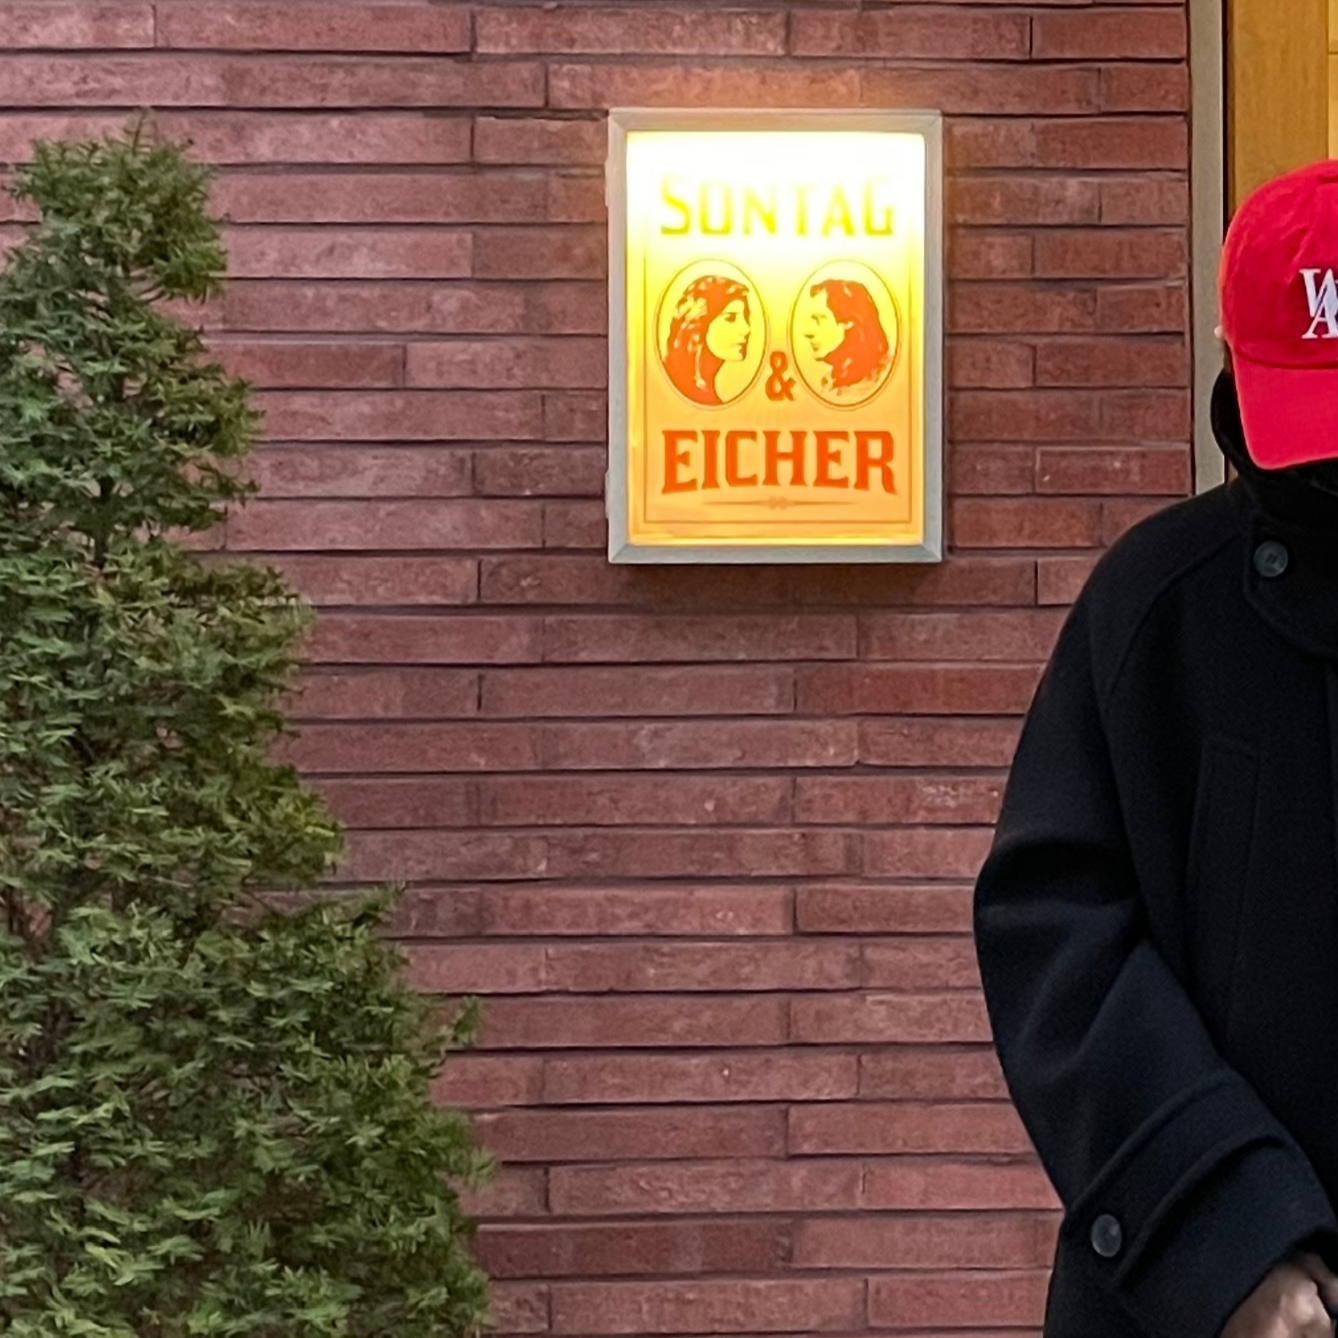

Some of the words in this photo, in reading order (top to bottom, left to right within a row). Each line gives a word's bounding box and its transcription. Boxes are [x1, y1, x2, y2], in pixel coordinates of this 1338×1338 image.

[661, 174, 895, 237] SONTAG
[765, 351, 796, 401] &
[661, 429, 898, 495] EICHER
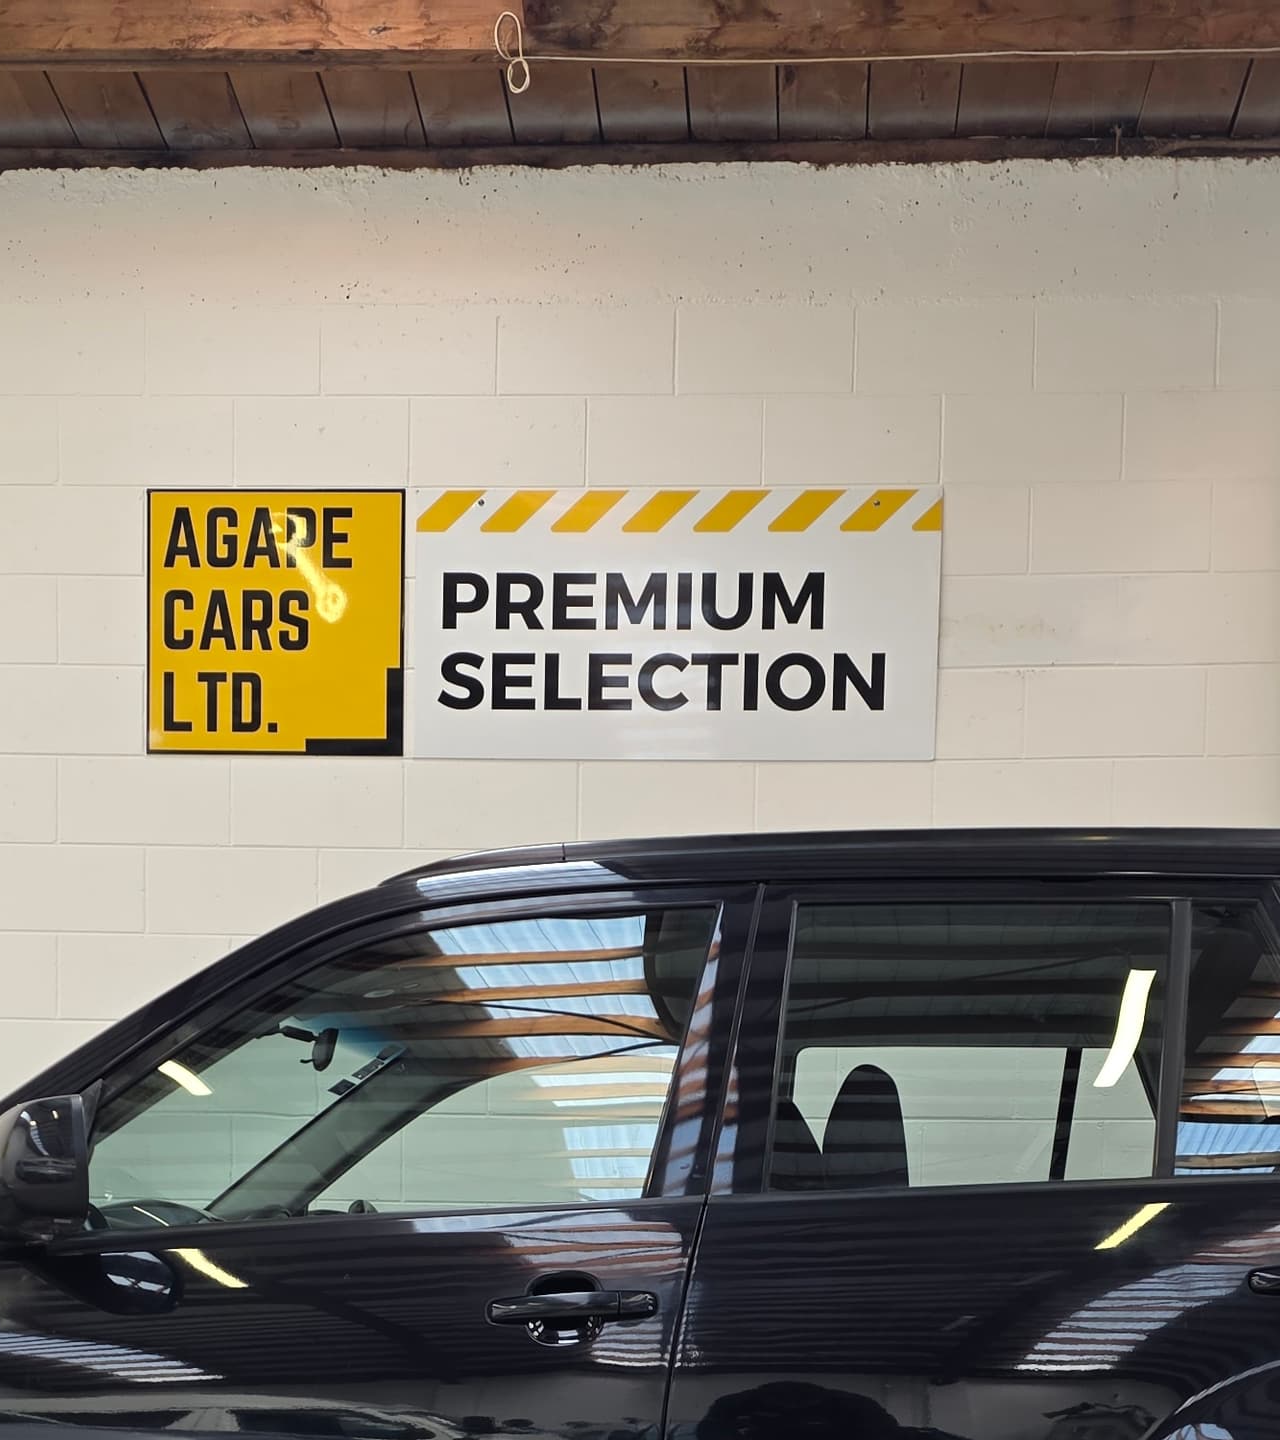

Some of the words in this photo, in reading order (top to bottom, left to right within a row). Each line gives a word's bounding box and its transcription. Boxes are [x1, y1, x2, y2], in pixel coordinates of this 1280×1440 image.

[163, 507, 353, 569] AGAPE
[163, 589, 309, 651] CARS
[441, 572, 825, 630] PREMIUM
[163, 671, 278, 733] LTD.
[437, 652, 886, 712] SELECTION
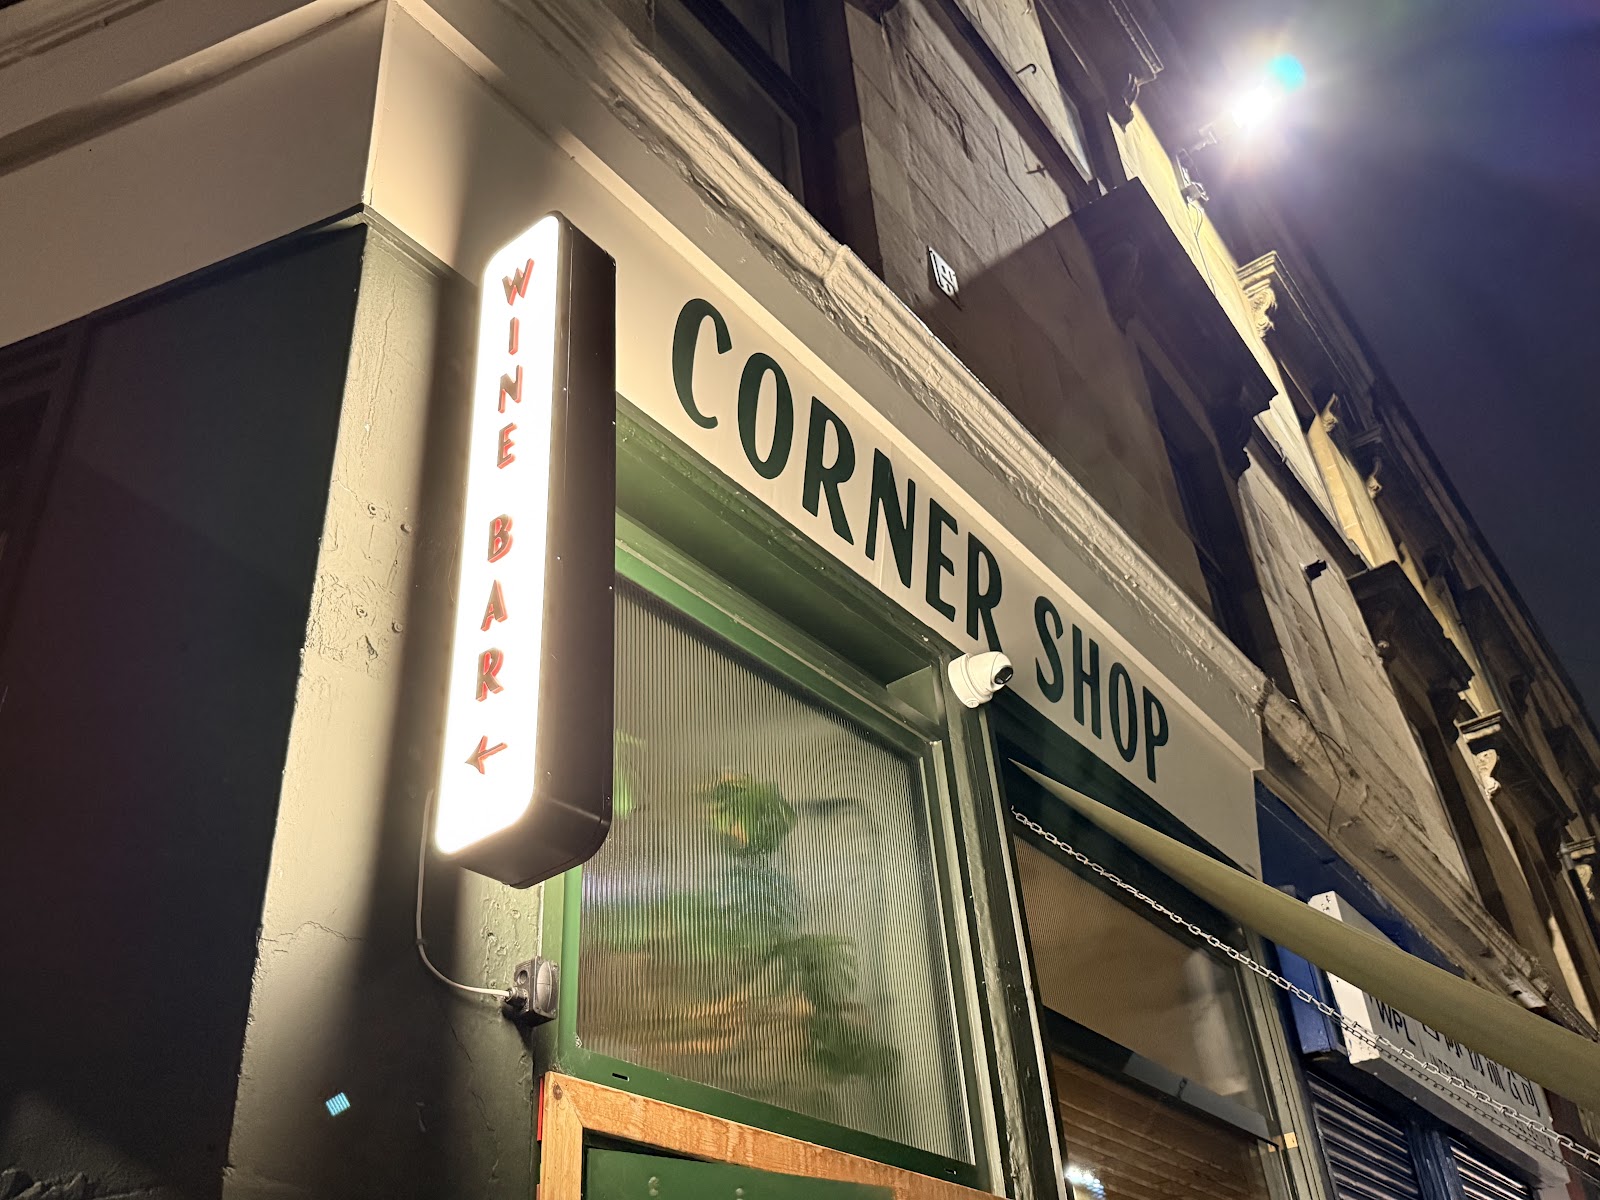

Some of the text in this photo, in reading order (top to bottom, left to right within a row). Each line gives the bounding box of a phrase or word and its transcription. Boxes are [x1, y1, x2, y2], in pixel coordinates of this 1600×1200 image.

[475, 257, 535, 703] WINE BAR
[671, 297, 1169, 784] CORNER SHOP
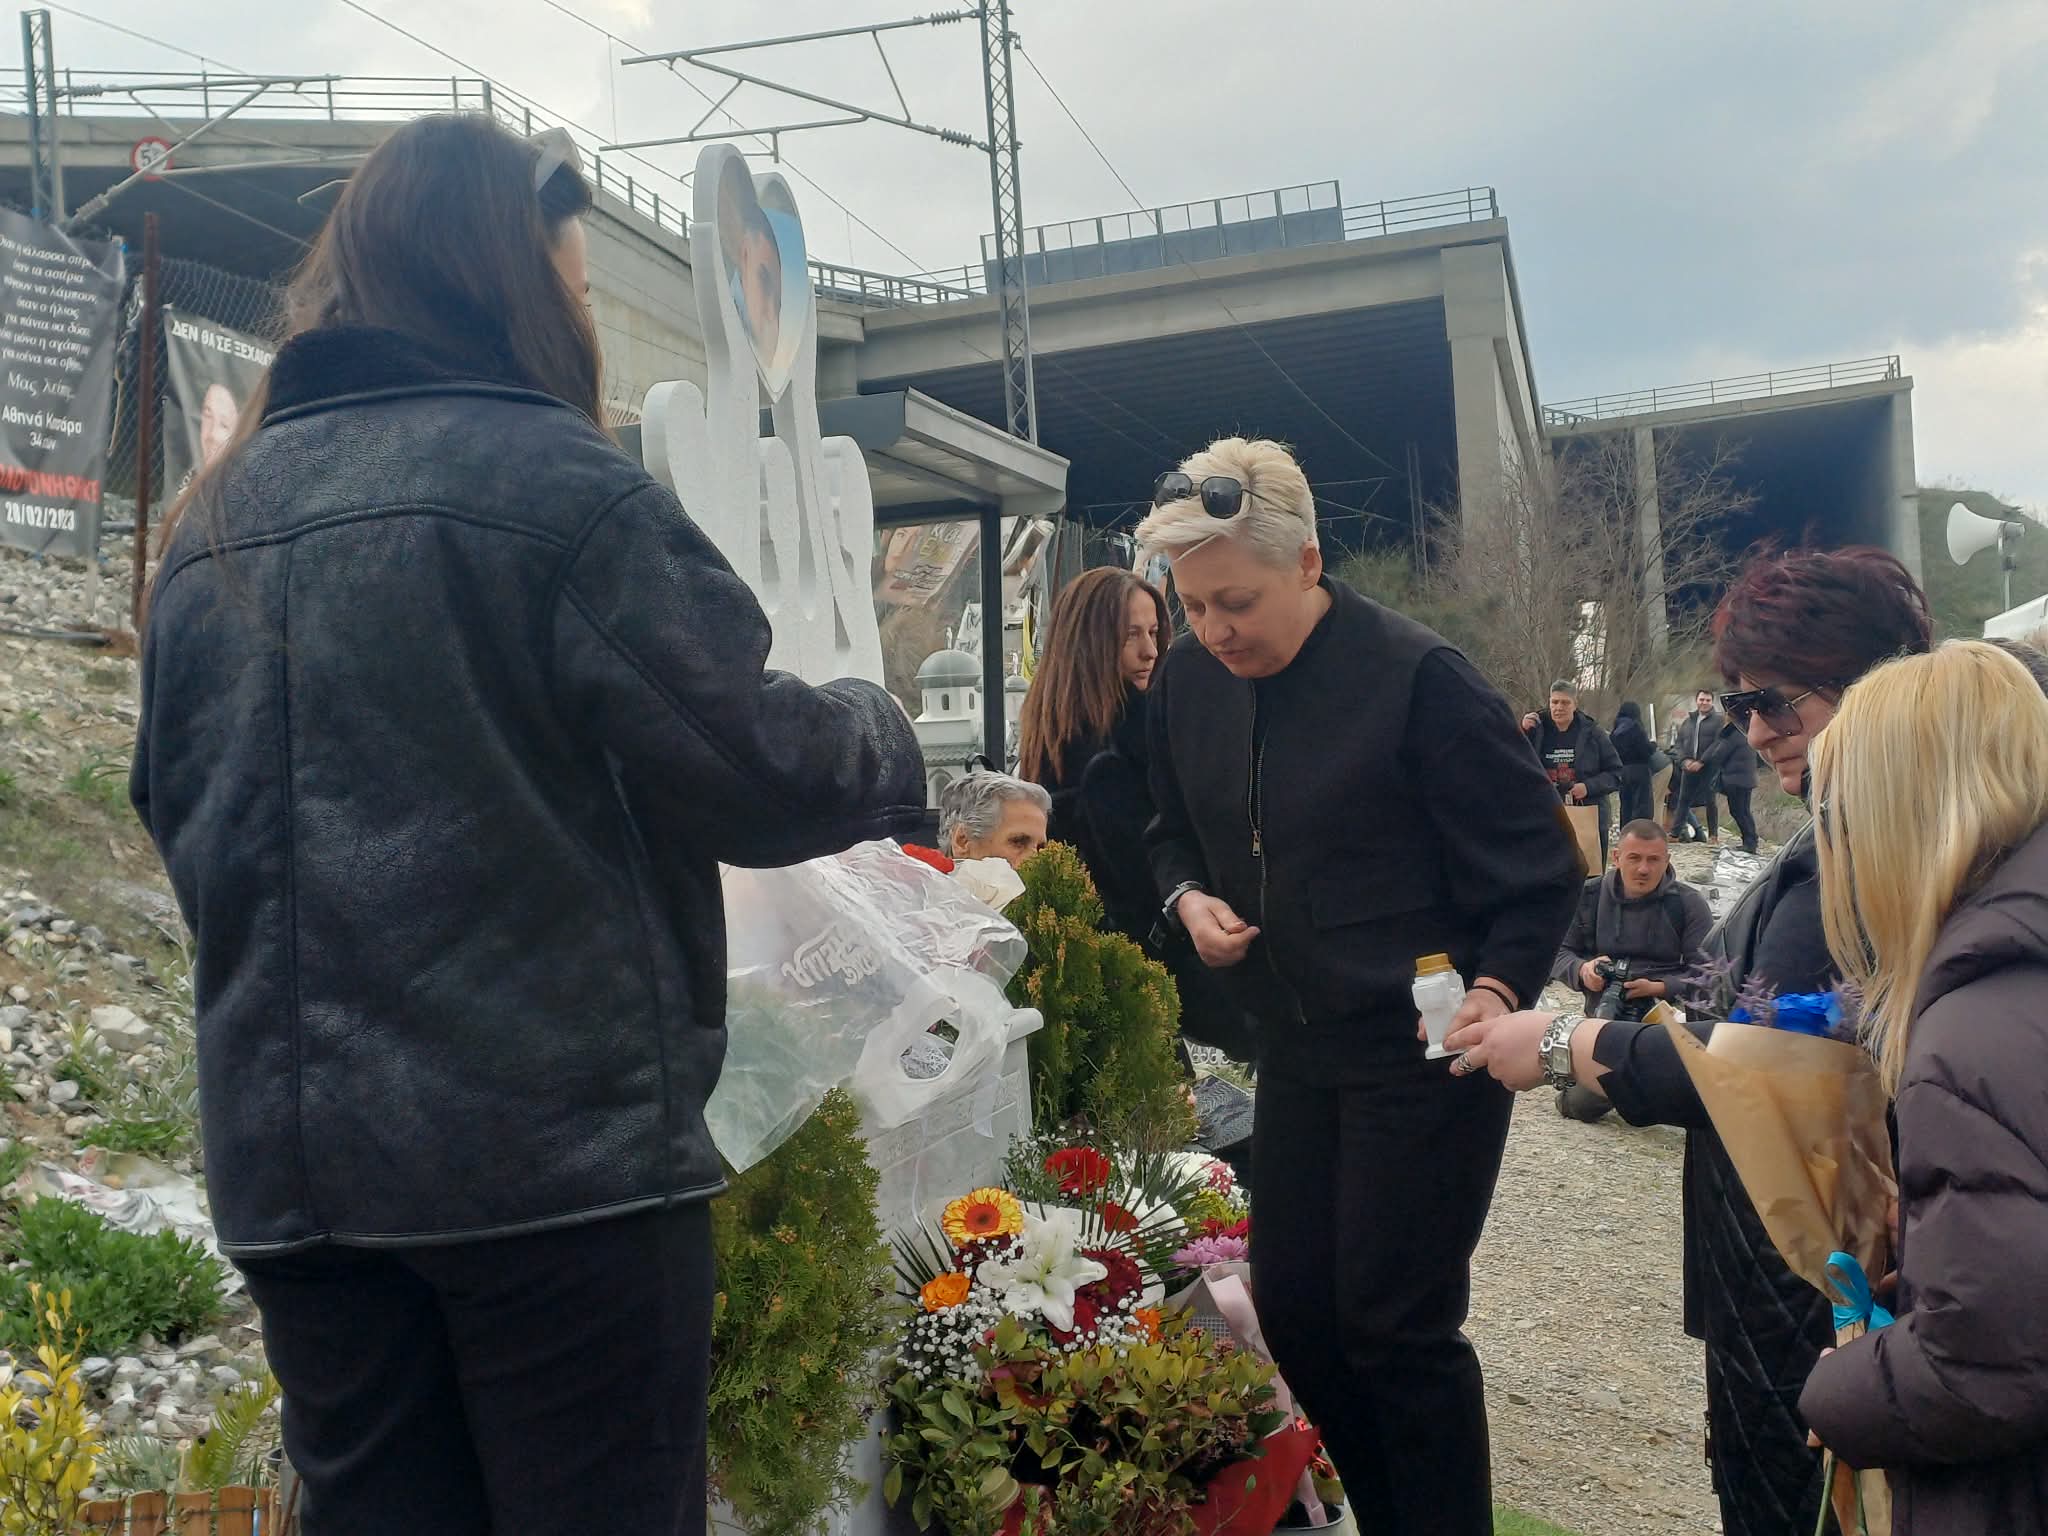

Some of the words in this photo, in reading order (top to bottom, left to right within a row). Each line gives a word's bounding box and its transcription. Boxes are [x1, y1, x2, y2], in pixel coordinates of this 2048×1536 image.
________________________________________
INSTRUCTIONS TO FOLLOW
Word for word, copy out each record; do not include pictures.

OUTPUT
Some of the words in this photo, in reading order (top to bottom, left to right within a row). Each line gives a word's bounding box and its transcription. Boxes are [x1, y1, x2, y2], in pixel coordinates of this 1338×1338 image.

[661, 174, 895, 237] SONTAG
[765, 351, 796, 401] &
[661, 429, 898, 495] EICHER

Some of the words in this photo, in reading order (top to bottom, left to right within a row). Each line gives a word's bounding box and its transcription. Boxes are [x1, y1, x2, y2], in pixel coordinates of this 1280×1440 image.

[163, 507, 353, 569] AGAPE
[163, 589, 309, 651] CARS
[441, 572, 825, 630] PREMIUM
[163, 671, 278, 733] LTD.
[437, 652, 886, 712] SELECTION

Some of the text in this photo, in reading order (top to bottom, left to right within a row). Each line gives the bounding box of a phrase or word and its transcription. Boxes are [x1, y1, x2, y2], in pixel coordinates of this 1600×1200 image.

[475, 257, 535, 703] WINE BAR
[671, 297, 1169, 784] CORNER SHOP

Some of the words in this photo, in reading order (top to bottom, left to right within a row). Each line gives a word's bounding box and its transcription. Boxes are [x1, y1, x2, y2], in pixel coordinates of this 2048×1536 image.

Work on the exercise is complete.